Les personnes non-vaccinées engendrent aussi davantage de contaminations. Les experts recommandent des mesures de contrôle ciblant cette population afin de « maximiser le contrôle de l’épidémie tout en minimisant l’impact sociétal par rapport à des mesures non ciblées. » Pourtant, se concentrer seulement sur les personnes vaccinées ne suffira pas. L’Institut Pasteur insiste alors sur l’importance du modèle « tracer, tester, isoler », notamment des personnes non-vaccinées.
*Aucune mesure prise = scénario catastrophe
Pour l’un des modèles, les scientifiques ont pris l’hypothèse d’un relâchement total des mesures à l’automne, avec un R0 (taux de reproduction du virus) à 5 et une couverture vaccinale de 70%, 80% et 90% chez, respectivement, les adolescents, les adultes de 18-59 ans et les plus de 60 ans. Aujourd’hui, nous sommes à 64%, 81% et 88%.

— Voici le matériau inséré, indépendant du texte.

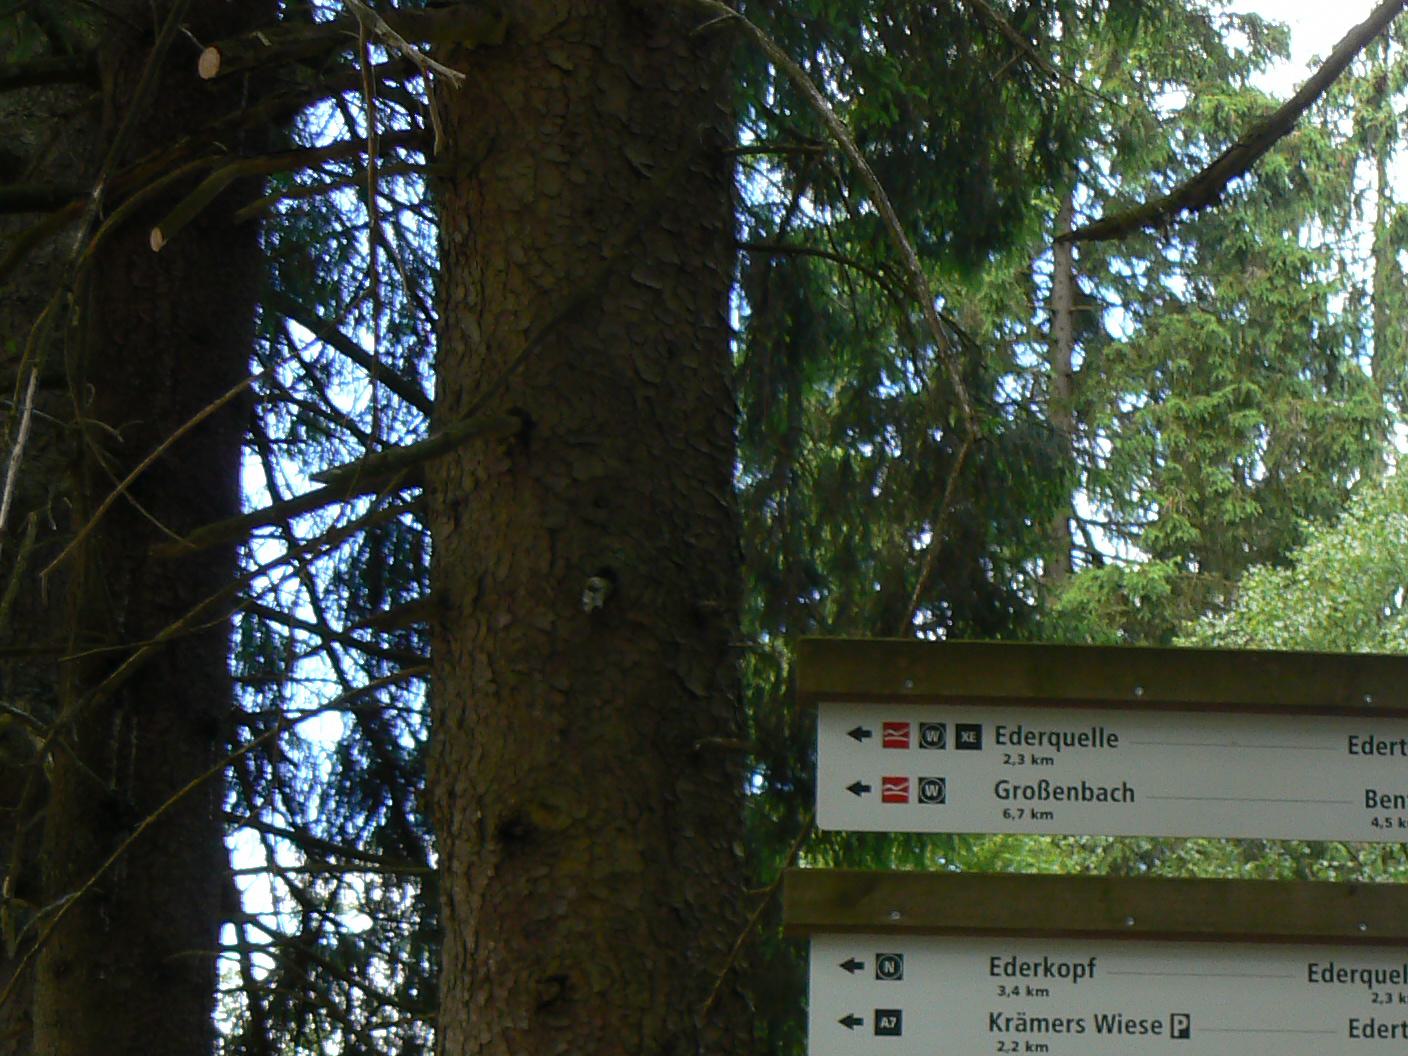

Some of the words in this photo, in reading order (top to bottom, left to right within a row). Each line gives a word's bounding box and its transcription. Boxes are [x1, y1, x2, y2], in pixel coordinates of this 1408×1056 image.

Le relâchement des mesures constituerait une grave erreur selon eux, qui mènerait à une vague caractérisée par un pic de 5200 admissions hospitalières par jour, soit un chiffre plus important que les deux vagues de 2020. Car même si le vaccin est efficace à 95% contre le risque d’hospitalisation, affirme Pasteur, 28% des hospitalisations surviennent chez les personnes âgées, malgré leur large participation à la campagne de vaccination.
La vaccination reste donc un atout majeur dans la lutte contre le Covid-19, selon ces modèles qui anticipent les pires scénarios. Car il est très improbable que toutes les mesures de restrictions mises en place dans le cadre de la crise sanitaire sautent à l’automne, d’autant qu’Emmanuel Macron n’exclut pas de prolonger le passe sanitaire au-delà du 15 novembre.

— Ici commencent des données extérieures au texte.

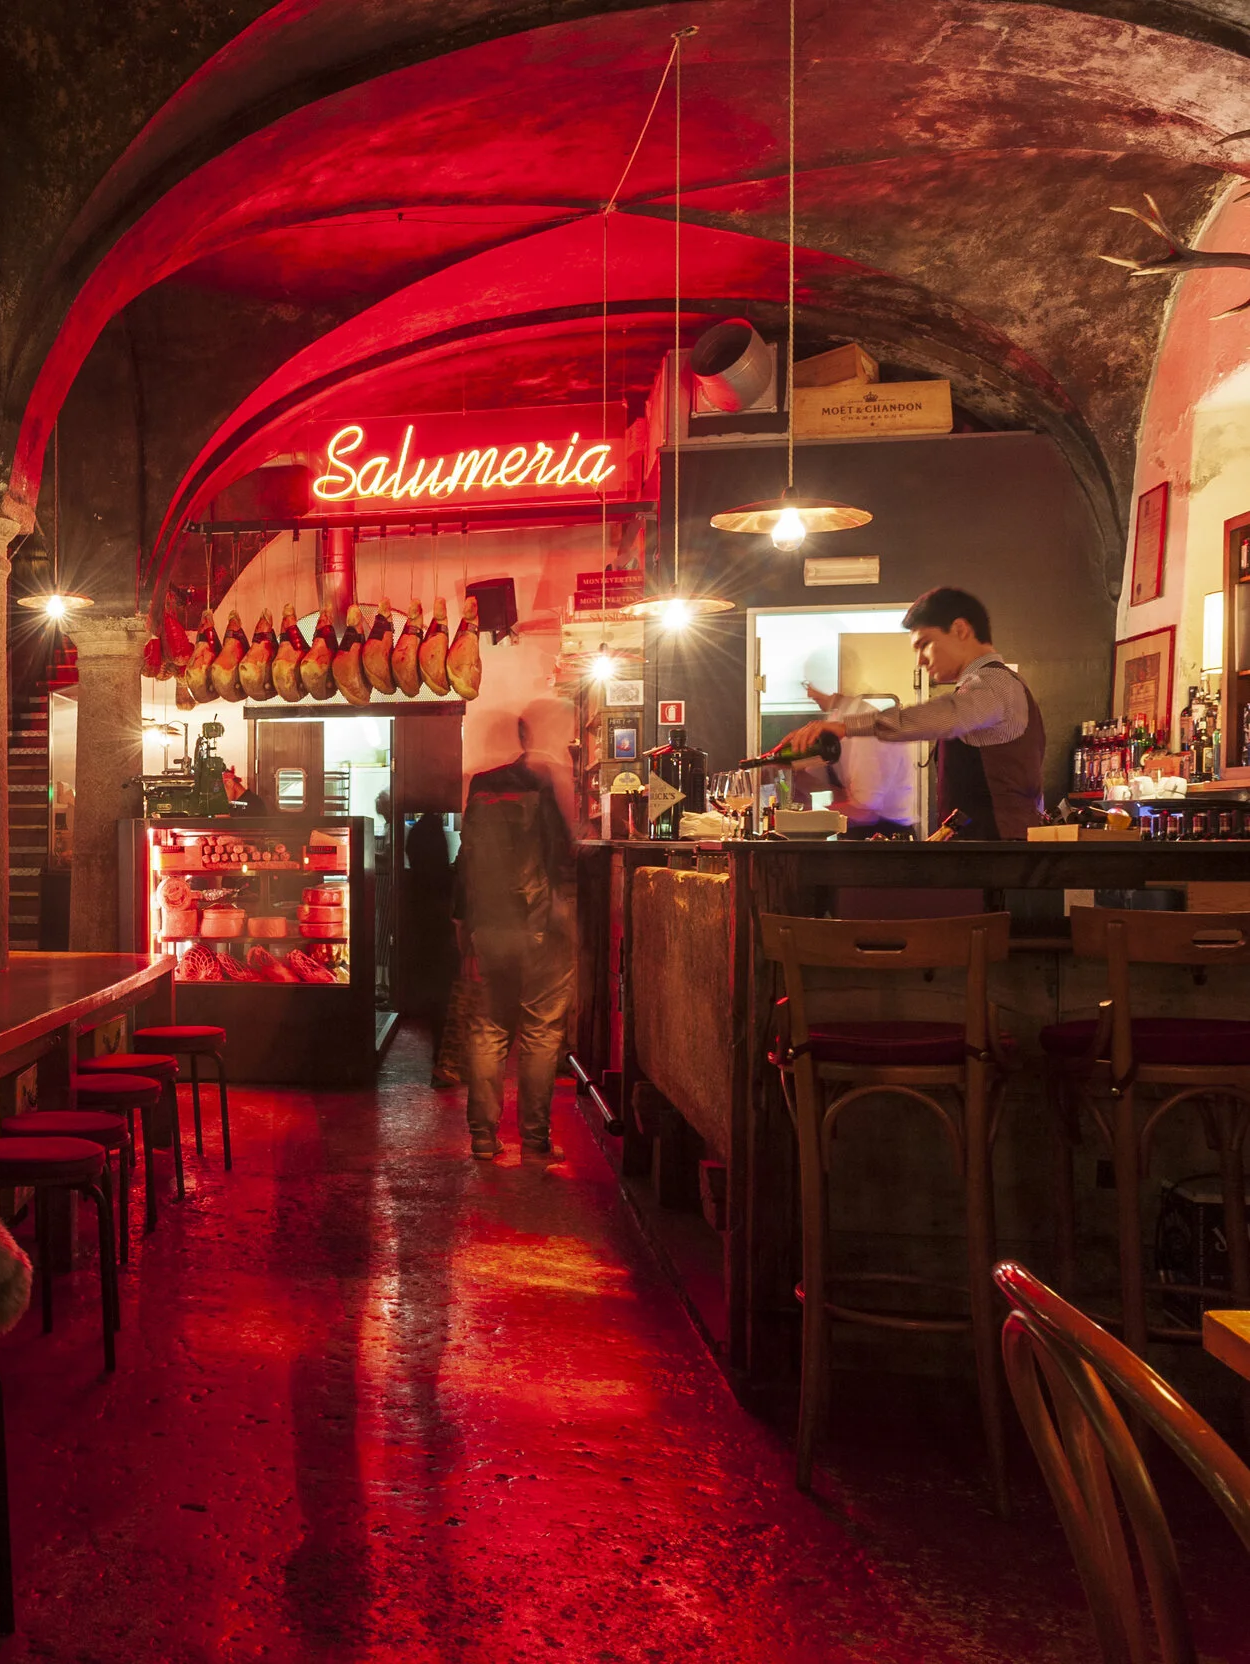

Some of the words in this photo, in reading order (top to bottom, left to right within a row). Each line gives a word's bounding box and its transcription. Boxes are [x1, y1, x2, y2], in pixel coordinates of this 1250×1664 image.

Le confinement ne semble, lui, plus une option nécessaire pour endiguer l’épidémie. En effet, grâce au vaccin, une diminution de 20 à 30% des transmissions suffirait à éviter la saturation en cas de nouvelle vague, tandis que les deux confinements de 2020 avaient permis de diminuer la transmission de 70 à 80%. « Je pense que nous avons les moyens de ne pas reconfiner », a estimé le ministre de la Santé Olivier Véran fin août sur BFMTV, mais l’apparition de nouveaux variants pourrait « lui donner tort ».
Actuellement, le Delta vient compromettre les prévisions enthousiastes faites par Pasteur au mois de juin. A l’époque, alors que le variant pointait le bout de son nez, les scientifiques tablaient sur une réduction de 10% des contaminations pour passer le prochain pic. « Ce niveau de réduction peut être atteint via des mesures de protection (comme les masques, le lavage des mains), un certain niveau de distanciation physique, le passe sanitaire et la stratégie tester-tracer-isoler », précisent les auteurs de l’étude.
*Avec Delta, les vaccinés aussi contaminent
Car ce variant vient changer la donne, même chez les vaccinés. Il diminue en effet la protection et on sait que les personnes vaccinées peuvent être contaminées et contaminer les autres.
Par ailleurs, « plus la population est vaccinée, plus la proportion de vaccinés parmi les cas augmente », pointent les scientifiques qui s’attendent à ce qu' »à peu près la moitié des infections aient lieu chez des personnes vaccinées (alors que ce groupe représente plus de 70% de la population) ».
Les chercheurs insistent sur l’importance de conserver les gestes barrières et le port du masque, y compris chez les personnes ayant reçu leurs injections. Car si « des mesures de contrôle ciblant les individus non-vaccinés peuvent aider à maximiser le contrôle épidémique, des mesures visant à réduire le risque d’infection et de transmission, comme le port du masque, devraient encore s’appliquer aux individus vaccinés dans des situations où la transmission est possible, par exemple en intérieur ».